Dataset excerpts:
○ ○ ○

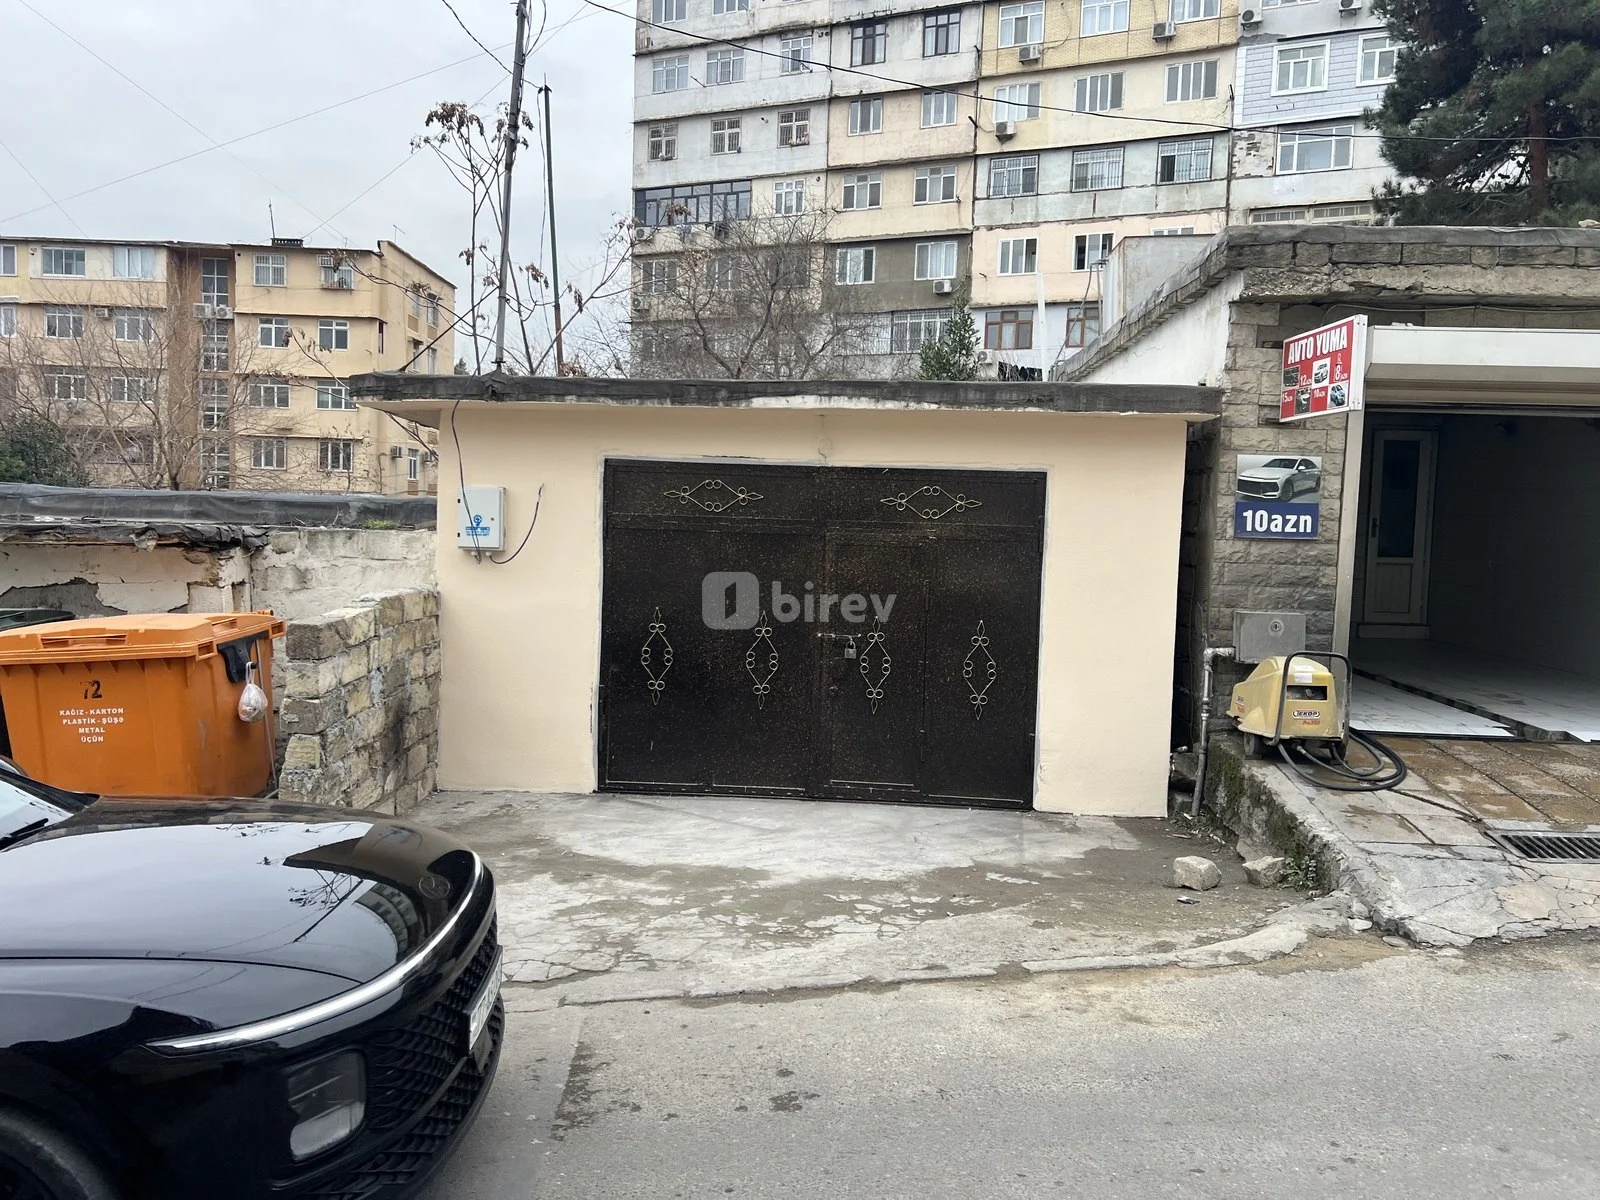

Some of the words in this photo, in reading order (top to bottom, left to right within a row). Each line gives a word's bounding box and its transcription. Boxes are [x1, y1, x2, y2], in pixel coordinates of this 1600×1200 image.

[1287, 336, 1314, 365] AVTO
[1316, 325, 1348, 357] YUMA
[1242, 509, 1312, 533] 10azn
[80, 680, 103, 700] 72
[59, 708, 85, 716] KAĞIZ
[89, 707, 124, 715] KARTON
[62, 717, 96, 725] PLASTİK
[80, 735, 104, 743] ÜÇÜN
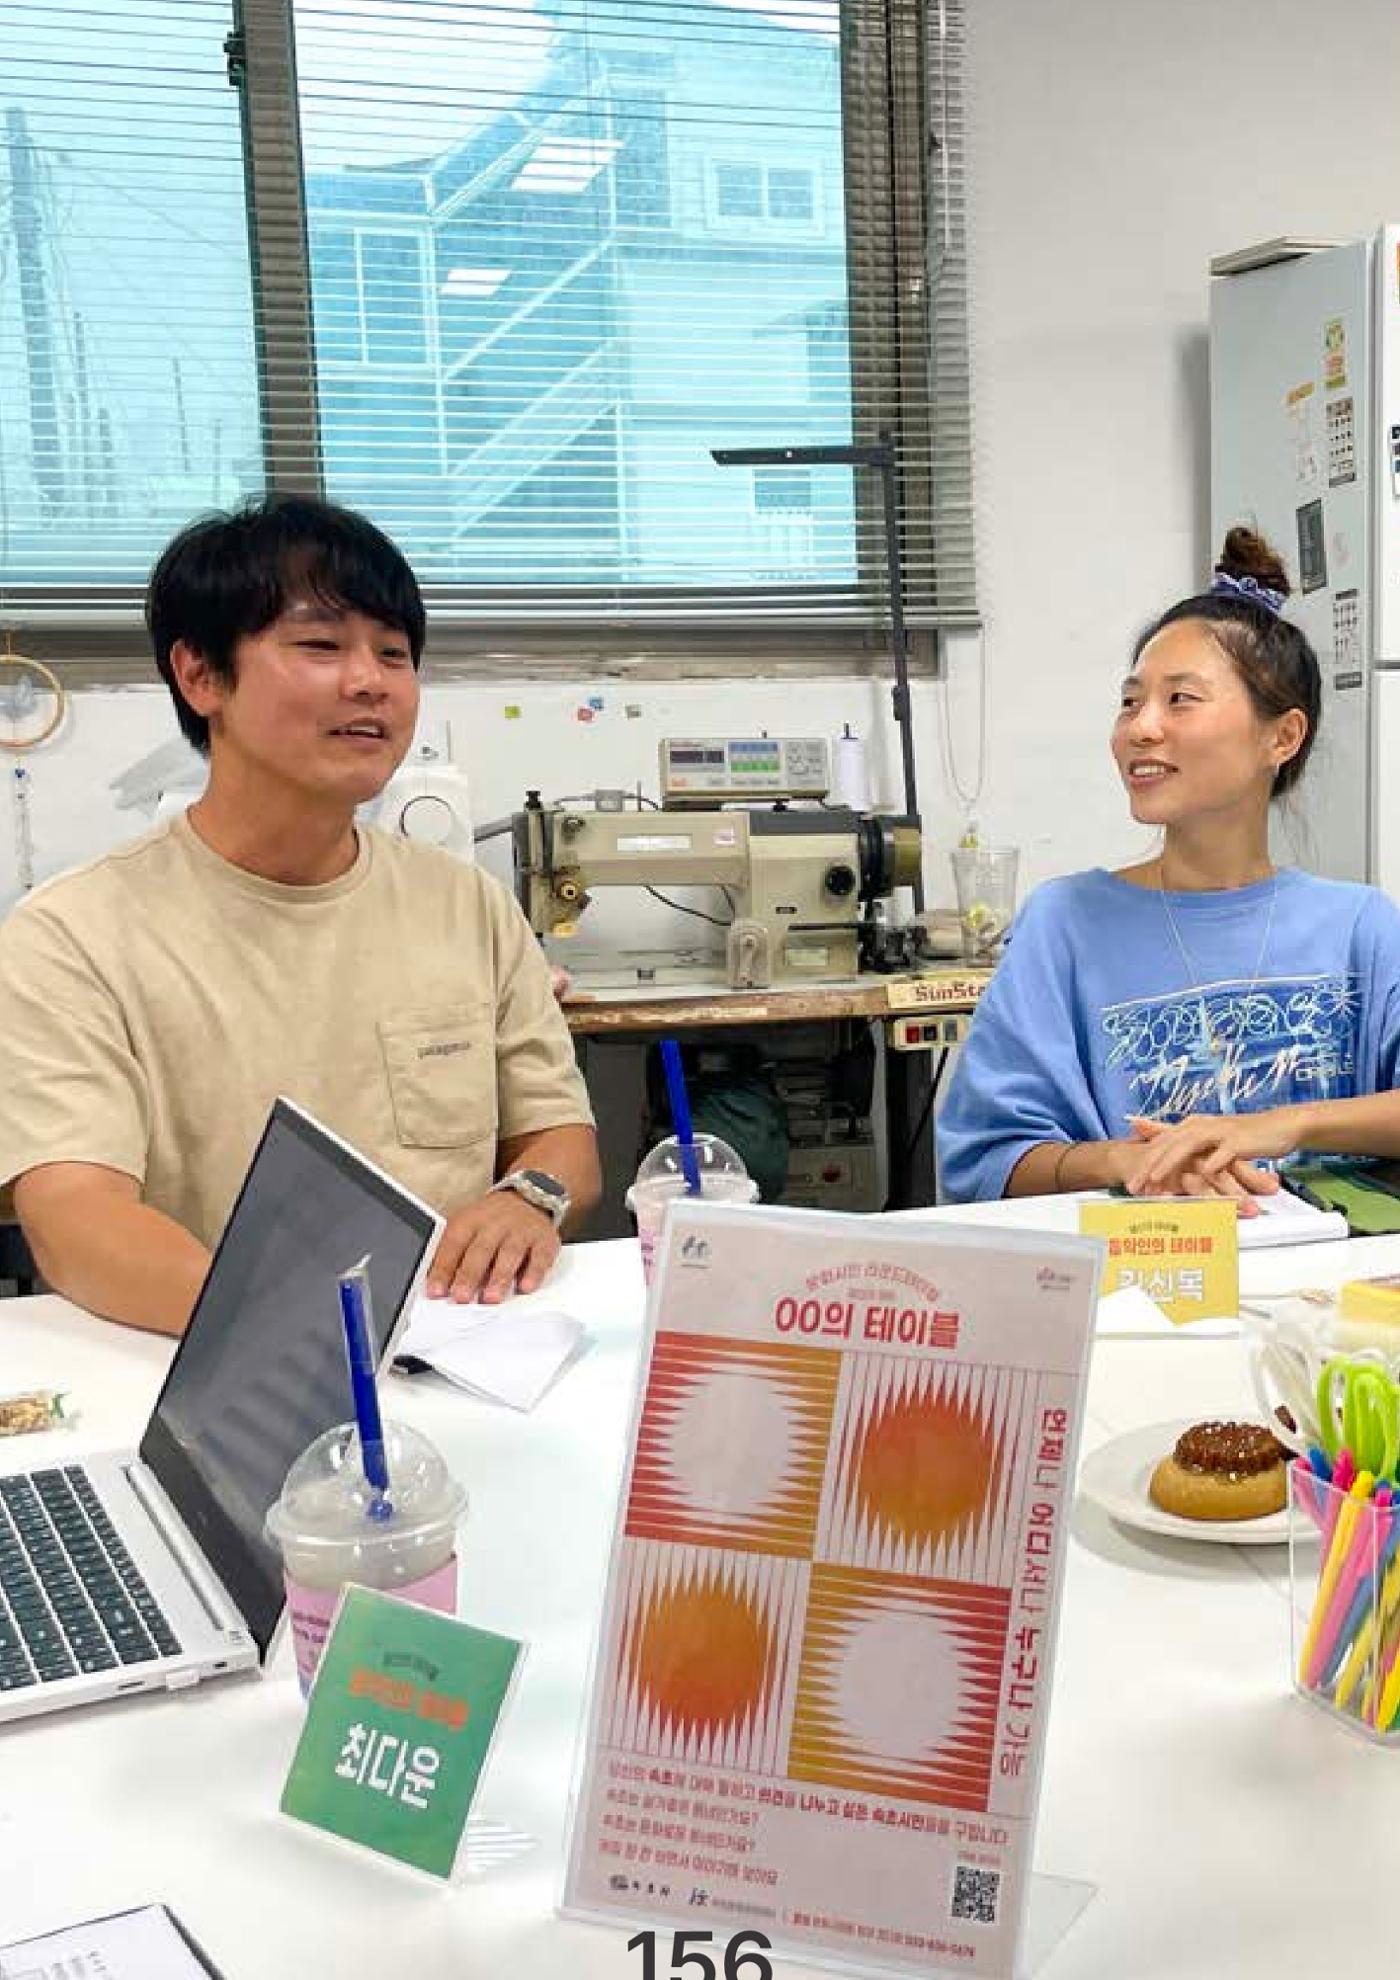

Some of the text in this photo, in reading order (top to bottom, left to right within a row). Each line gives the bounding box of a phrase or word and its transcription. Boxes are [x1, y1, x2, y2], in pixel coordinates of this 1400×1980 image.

○ ○ ○

EXERCISE REQUIREMENTS: Reproduce the records above word for word, without the images.

WRITTEN ANSWER:
Some of the words in this photo, in reading order (top to bottom, left to right within a row). Each line gives a word's bounding box and its transcription. Boxes are [x1, y1, x2, y2], in pixel coordinates of this 1600×1200 image.

[1287, 336, 1314, 365] AVTO
[1316, 325, 1348, 357] YUMA
[1242, 509, 1312, 533] 10azn
[80, 680, 103, 700] 72
[59, 708, 85, 716] KAĞIZ
[89, 707, 124, 715] KARTON
[62, 717, 96, 725] PLASTİK
[80, 735, 104, 743] ÜÇÜN

Some of the text in this photo, in reading order (top to bottom, left to right within a row). Each line gives the bounding box of a phrase or word and its transcription. Boxes are [x1, y1, x2, y2], in pixel coordinates of this 1400×1980 image.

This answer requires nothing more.